-------- SOURCE MATERIAL --------
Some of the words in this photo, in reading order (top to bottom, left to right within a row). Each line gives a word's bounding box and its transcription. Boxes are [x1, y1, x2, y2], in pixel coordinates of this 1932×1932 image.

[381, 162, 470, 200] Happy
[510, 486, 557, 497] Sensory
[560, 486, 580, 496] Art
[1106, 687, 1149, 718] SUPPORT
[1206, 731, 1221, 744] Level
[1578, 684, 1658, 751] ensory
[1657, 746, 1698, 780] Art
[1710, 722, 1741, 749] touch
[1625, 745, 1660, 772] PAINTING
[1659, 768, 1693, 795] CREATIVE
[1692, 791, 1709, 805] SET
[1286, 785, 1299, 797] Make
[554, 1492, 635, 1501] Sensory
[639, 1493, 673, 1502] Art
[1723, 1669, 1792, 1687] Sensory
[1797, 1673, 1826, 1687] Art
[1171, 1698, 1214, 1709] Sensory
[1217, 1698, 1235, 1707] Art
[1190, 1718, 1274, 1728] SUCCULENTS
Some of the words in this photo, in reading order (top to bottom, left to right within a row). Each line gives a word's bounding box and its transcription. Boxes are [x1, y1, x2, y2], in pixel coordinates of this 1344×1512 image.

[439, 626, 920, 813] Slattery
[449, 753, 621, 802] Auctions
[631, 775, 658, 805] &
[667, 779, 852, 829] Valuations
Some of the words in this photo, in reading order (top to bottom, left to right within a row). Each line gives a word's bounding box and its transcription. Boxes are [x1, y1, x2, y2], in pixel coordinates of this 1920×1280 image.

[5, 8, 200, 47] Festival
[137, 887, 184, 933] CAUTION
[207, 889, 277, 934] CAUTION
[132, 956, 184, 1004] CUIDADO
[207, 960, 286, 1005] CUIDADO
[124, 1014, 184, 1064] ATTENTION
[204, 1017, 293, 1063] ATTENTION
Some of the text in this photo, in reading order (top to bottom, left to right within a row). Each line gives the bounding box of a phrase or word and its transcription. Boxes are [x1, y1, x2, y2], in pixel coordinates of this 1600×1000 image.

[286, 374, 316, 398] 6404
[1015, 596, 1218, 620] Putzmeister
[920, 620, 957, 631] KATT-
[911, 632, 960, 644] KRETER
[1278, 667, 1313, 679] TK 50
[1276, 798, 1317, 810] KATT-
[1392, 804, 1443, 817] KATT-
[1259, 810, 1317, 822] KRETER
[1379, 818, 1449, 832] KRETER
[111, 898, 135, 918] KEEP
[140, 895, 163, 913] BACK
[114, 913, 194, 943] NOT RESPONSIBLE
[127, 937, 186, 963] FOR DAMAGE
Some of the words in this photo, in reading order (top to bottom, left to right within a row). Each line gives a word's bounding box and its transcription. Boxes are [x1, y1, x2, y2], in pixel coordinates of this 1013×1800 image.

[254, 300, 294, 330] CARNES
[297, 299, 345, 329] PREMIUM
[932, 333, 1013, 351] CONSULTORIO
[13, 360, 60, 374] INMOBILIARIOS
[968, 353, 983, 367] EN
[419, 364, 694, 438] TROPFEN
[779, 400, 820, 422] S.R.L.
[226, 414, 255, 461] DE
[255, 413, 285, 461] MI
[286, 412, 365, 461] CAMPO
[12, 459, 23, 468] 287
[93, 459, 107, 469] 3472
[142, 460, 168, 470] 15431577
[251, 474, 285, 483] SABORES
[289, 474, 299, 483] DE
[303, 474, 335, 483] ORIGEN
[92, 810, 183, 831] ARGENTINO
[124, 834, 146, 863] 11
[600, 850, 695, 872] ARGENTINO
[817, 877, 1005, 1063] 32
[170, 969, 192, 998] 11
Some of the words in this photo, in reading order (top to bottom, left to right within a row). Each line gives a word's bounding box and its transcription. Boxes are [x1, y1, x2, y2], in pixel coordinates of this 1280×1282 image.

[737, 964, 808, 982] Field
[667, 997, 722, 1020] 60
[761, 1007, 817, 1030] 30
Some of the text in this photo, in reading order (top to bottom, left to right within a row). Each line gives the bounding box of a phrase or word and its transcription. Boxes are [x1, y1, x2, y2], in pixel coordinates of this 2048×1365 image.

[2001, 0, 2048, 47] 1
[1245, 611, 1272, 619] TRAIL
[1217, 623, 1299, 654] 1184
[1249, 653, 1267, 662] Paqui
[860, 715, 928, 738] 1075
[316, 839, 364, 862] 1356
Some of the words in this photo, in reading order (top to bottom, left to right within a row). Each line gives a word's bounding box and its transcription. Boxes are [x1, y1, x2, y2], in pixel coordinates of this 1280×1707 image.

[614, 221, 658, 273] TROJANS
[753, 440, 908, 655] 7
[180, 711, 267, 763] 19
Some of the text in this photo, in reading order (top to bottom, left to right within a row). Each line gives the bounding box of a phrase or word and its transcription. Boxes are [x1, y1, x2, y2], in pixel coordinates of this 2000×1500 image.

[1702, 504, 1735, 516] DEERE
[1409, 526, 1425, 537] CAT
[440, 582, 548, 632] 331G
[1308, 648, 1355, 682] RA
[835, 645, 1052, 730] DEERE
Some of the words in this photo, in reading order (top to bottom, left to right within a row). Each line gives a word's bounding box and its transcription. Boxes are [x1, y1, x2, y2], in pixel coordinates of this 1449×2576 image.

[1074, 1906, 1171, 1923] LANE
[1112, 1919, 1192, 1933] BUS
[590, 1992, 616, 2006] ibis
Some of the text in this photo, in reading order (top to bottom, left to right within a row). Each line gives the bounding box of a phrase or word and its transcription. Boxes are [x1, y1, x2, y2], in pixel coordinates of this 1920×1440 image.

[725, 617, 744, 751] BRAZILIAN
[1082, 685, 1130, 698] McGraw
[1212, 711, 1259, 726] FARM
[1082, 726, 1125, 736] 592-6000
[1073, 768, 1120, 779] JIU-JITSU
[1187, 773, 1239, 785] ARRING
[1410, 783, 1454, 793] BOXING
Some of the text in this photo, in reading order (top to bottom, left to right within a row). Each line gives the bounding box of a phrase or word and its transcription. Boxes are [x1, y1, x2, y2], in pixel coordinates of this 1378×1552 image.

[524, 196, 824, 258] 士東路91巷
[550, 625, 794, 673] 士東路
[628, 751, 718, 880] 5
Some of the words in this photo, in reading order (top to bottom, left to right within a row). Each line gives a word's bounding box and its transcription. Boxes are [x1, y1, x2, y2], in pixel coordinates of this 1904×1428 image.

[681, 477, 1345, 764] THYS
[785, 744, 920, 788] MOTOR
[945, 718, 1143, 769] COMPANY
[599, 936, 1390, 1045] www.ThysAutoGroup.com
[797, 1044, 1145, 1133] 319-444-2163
--------
- TRY IT -
Exact copies of every record are required.

- RESPONSE BELOW -
Some of the words in this photo, in reading order (top to bottom, left to right within a row). Each line gives a word's bounding box and its transcription. Boxes are [x1, y1, x2, y2], in pixel coordinates of this 1932×1932 image.

[381, 162, 470, 200] Happy
[510, 486, 557, 497] Sensory
[560, 486, 580, 496] Art
[1106, 687, 1149, 718] SUPPORT
[1206, 731, 1221, 744] Level
[1578, 684, 1658, 751] ensory
[1657, 746, 1698, 780] Art
[1710, 722, 1741, 749] touch
[1625, 745, 1660, 772] PAINTING
[1659, 768, 1693, 795] CREATIVE
[1692, 791, 1709, 805] SET
[1286, 785, 1299, 797] Make
[554, 1492, 635, 1501] Sensory
[639, 1493, 673, 1502] Art
[1723, 1669, 1792, 1687] Sensory
[1797, 1673, 1826, 1687] Art
[1171, 1698, 1214, 1709] Sensory
[1217, 1698, 1235, 1707] Art
[1190, 1718, 1274, 1728] SUCCULENTS
Some of the words in this photo, in reading order (top to bottom, left to right within a row). Each line gives a word's bounding box and its transcription. Boxes are [x1, y1, x2, y2], in pixel coordinates of this 1344×1512 image.

[439, 626, 920, 813] Slattery
[449, 753, 621, 802] Auctions
[631, 775, 658, 805] &
[667, 779, 852, 829] Valuations
Some of the words in this photo, in reading order (top to bottom, left to right within a row). Each line gives a word's bounding box and its transcription. Boxes are [x1, y1, x2, y2], in pixel coordinates of this 1920×1280 image.

[5, 8, 200, 47] Festival
[137, 887, 184, 933] CAUTION
[207, 889, 277, 934] CAUTION
[132, 956, 184, 1004] CUIDADO
[207, 960, 286, 1005] CUIDADO
[124, 1014, 184, 1064] ATTENTION
[204, 1017, 293, 1063] ATTENTION
Some of the text in this photo, in reading order (top to bottom, left to right within a row). Each line gives the bounding box of a phrase or word and its transcription. Boxes are [x1, y1, x2, y2], in pixel coordinates of this 1600×1000 image.

[286, 374, 316, 398] 6404
[1015, 596, 1218, 620] Putzmeister
[920, 620, 957, 631] KATT-
[911, 632, 960, 644] KRETER
[1278, 667, 1313, 679] TK 50
[1276, 798, 1317, 810] KATT-
[1392, 804, 1443, 817] KATT-
[1259, 810, 1317, 822] KRETER
[1379, 818, 1449, 832] KRETER
[111, 898, 135, 918] KEEP
[140, 895, 163, 913] BACK
[114, 913, 194, 943] NOT RESPONSIBLE
[127, 937, 186, 963] FOR DAMAGE
Some of the words in this photo, in reading order (top to bottom, left to right within a row). Each line gives a word's bounding box and its transcription. Boxes are [x1, y1, x2, y2], in pixel coordinates of this 1013×1800 image.

[254, 300, 294, 330] CARNES
[297, 299, 345, 329] PREMIUM
[932, 333, 1013, 351] CONSULTORIO
[13, 360, 60, 374] INMOBILIARIOS
[968, 353, 983, 367] EN
[419, 364, 694, 438] TROPFEN
[779, 400, 820, 422] S.R.L.
[226, 414, 255, 461] DE
[255, 413, 285, 461] MI
[286, 412, 365, 461] CAMPO
[12, 459, 23, 468] 287
[93, 459, 107, 469] 3472
[142, 460, 168, 470] 15431577
[251, 474, 285, 483] SABORES
[289, 474, 299, 483] DE
[303, 474, 335, 483] ORIGEN
[92, 810, 183, 831] ARGENTINO
[124, 834, 146, 863] 11
[600, 850, 695, 872] ARGENTINO
[817, 877, 1005, 1063] 32
[170, 969, 192, 998] 11
Some of the words in this photo, in reading order (top to bottom, left to right within a row). Each line gives a word's bounding box and its transcription. Boxes are [x1, y1, x2, y2], in pixel coordinates of this 1280×1282 image.

[737, 964, 808, 982] Field
[667, 997, 722, 1020] 60
[761, 1007, 817, 1030] 30
Some of the text in this photo, in reading order (top to bottom, left to right within a row). Each line gives the bounding box of a phrase or word and its transcription. Boxes are [x1, y1, x2, y2], in pixel coordinates of this 2048×1365 image.

[2001, 0, 2048, 47] 1
[1245, 611, 1272, 619] TRAIL
[1217, 623, 1299, 654] 1184
[1249, 653, 1267, 662] Paqui
[860, 715, 928, 738] 1075
[316, 839, 364, 862] 1356
Some of the words in this photo, in reading order (top to bottom, left to right within a row). Each line gives a word's bounding box and its transcription. Boxes are [x1, y1, x2, y2], in pixel coordinates of this 1280×1707 image.

[614, 221, 658, 273] TROJANS
[753, 440, 908, 655] 7
[180, 711, 267, 763] 19
Some of the text in this photo, in reading order (top to bottom, left to right within a row). Each line gives the bounding box of a phrase or word and its transcription. Boxes are [x1, y1, x2, y2], in pixel coordinates of this 2000×1500 image.

[1702, 504, 1735, 516] DEERE
[1409, 526, 1425, 537] CAT
[440, 582, 548, 632] 331G
[1308, 648, 1355, 682] RA
[835, 645, 1052, 730] DEERE
Some of the words in this photo, in reading order (top to bottom, left to right within a row). Each line gives a word's bounding box and its transcription. Boxes are [x1, y1, x2, y2], in pixel coordinates of this 1449×2576 image.

[1074, 1906, 1171, 1923] LANE
[1112, 1919, 1192, 1933] BUS
[590, 1992, 616, 2006] ibis
Some of the text in this photo, in reading order (top to bottom, left to right within a row). Each line gives the bounding box of a phrase or word and its transcription. Boxes are [x1, y1, x2, y2], in pixel coordinates of this 1920×1440 image.

[725, 617, 744, 751] BRAZILIAN
[1082, 685, 1130, 698] McGraw
[1212, 711, 1259, 726] FARM
[1082, 726, 1125, 736] 592-6000
[1073, 768, 1120, 779] JIU-JITSU
[1187, 773, 1239, 785] ARRING
[1410, 783, 1454, 793] BOXING
Some of the text in this photo, in reading order (top to bottom, left to right within a row). Each line gives the bounding box of a phrase or word and its transcription. Boxes are [x1, y1, x2, y2], in pixel coordinates of this 1378×1552 image.

[524, 196, 824, 258] 士東路91巷
[550, 625, 794, 673] 士東路
[628, 751, 718, 880] 5
Some of the words in this photo, in reading order (top to bottom, left to right within a row). Each line gives a word's bounding box and its transcription. Boxes are [x1, y1, x2, y2], in pixel coordinates of this 1904×1428 image.

[681, 477, 1345, 764] THYS
[785, 744, 920, 788] MOTOR
[945, 718, 1143, 769] COMPANY
[599, 936, 1390, 1045] www.ThysAutoGroup.com
[797, 1044, 1145, 1133] 319-444-2163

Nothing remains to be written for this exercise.